Table nodes in your project can either be generated by running transform, or will be part of a dataset you've added. The main purpose of table nodes in projects is to store data which you can sanity check and further query.
You can create multiple transforms to operate on a single table, which allows you to create various branches within your project. To create a new transform, select the table or dataset and click the small + icon that appears under the bottom right corner of the node.
After you run a transform, you can investigate the downstream output table to get feedback on the success and validity of your querying operation – both the filtering criteria you've applied and the new features you've created.

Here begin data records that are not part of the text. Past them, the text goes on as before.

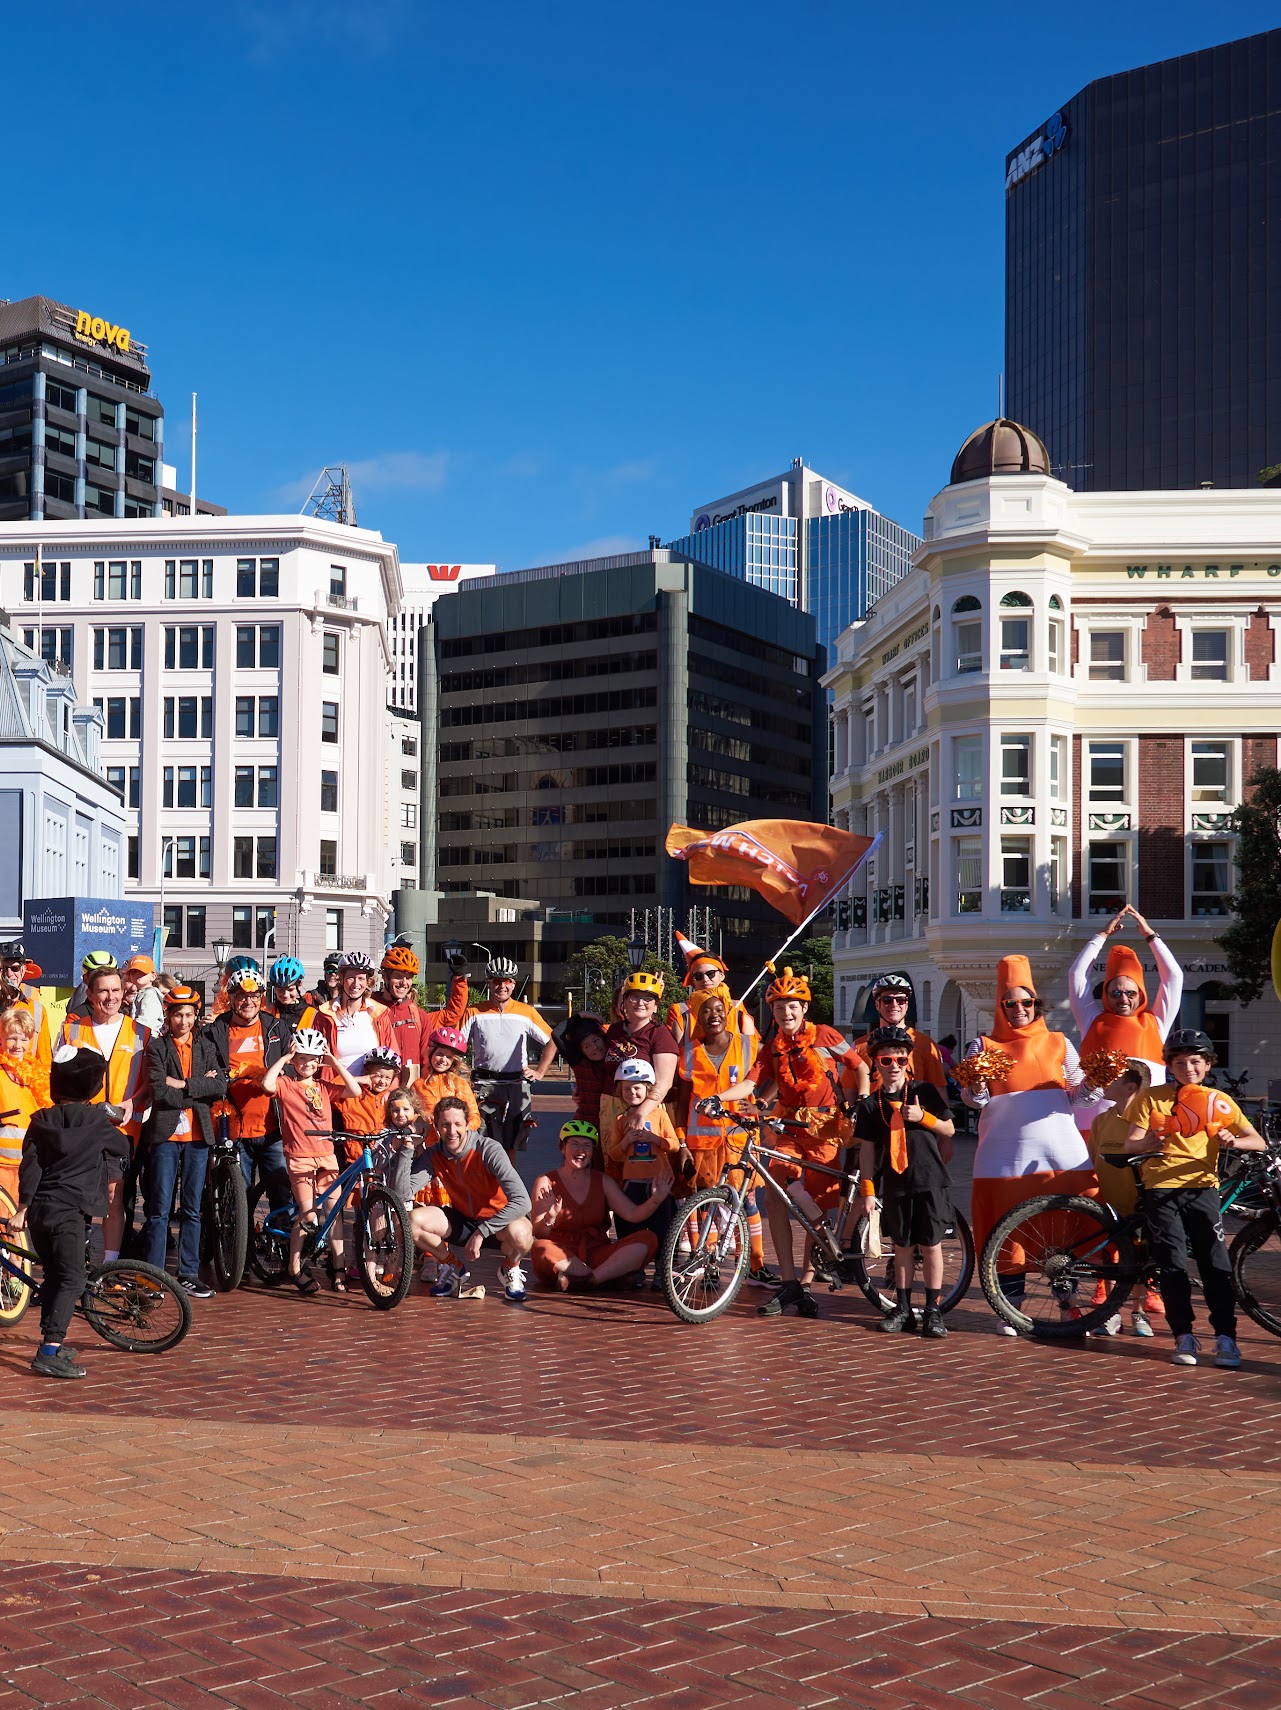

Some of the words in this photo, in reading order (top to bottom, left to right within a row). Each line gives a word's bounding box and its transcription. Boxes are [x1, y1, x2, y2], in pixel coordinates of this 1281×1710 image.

[1006, 136, 1045, 190] ANZ
[76, 309, 131, 353] nova
[75, 332, 97, 348] energy
[736, 496, 777, 516] Thornton
[1126, 564, 1244, 579] WHARF
[30, 914, 66, 925] Wellington
[81, 912, 126, 926] Wellington
[30, 924, 58, 933] Museum
[81, 923, 116, 934] Museum
[1091, 963, 1106, 973] NE
[1182, 963, 1232, 973] ACADEM

Understanding at the content of an output table allows you perform important sanity checks at each step of your research process, answering questions like:
- Did my filtering criteria remove the rows I expected?
- Do my new variables contain the information I expect?

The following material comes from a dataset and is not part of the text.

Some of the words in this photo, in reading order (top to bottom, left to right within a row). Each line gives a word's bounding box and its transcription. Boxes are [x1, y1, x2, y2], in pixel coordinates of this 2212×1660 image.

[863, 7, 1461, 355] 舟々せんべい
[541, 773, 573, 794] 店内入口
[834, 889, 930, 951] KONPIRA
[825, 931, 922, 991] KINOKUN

- Does the distribution of values in a given variable make sense?
- Have I dropped unnecessary variables?
If you haven't interacted with tables in your project for a while, these tables may become archived, which will temporarily limit your ability to view cells and query data in that table. This is done to prevent runaway storage costs, while leveraging the built-in reproducibility of projects to allow you to unarchive the table and pick up where you last left off.
The archival algorithm prioritizes tables that are large, quick to regenerate, and intermediary (not at the bottom of the tree). It currently does not archive tables less than 1GB; in many cases you may never interact with archived tables.
Note that the transform immediately upstream (or any additional upstream transforms, if multiple sequential tables are archived) is invalid, you'll have to resolve the invalid state before un-archiving the table.
If you've added a dataset to a project that contains files (storage for non-tabular data) you will see a table with a File index label in that dataset's list of tables. This is an automatically generated table, where every row represents one file. You can work with this table just like any other in the project tool, but the
file_idvariable will remain linked to the files in that dataset for use in a notebook.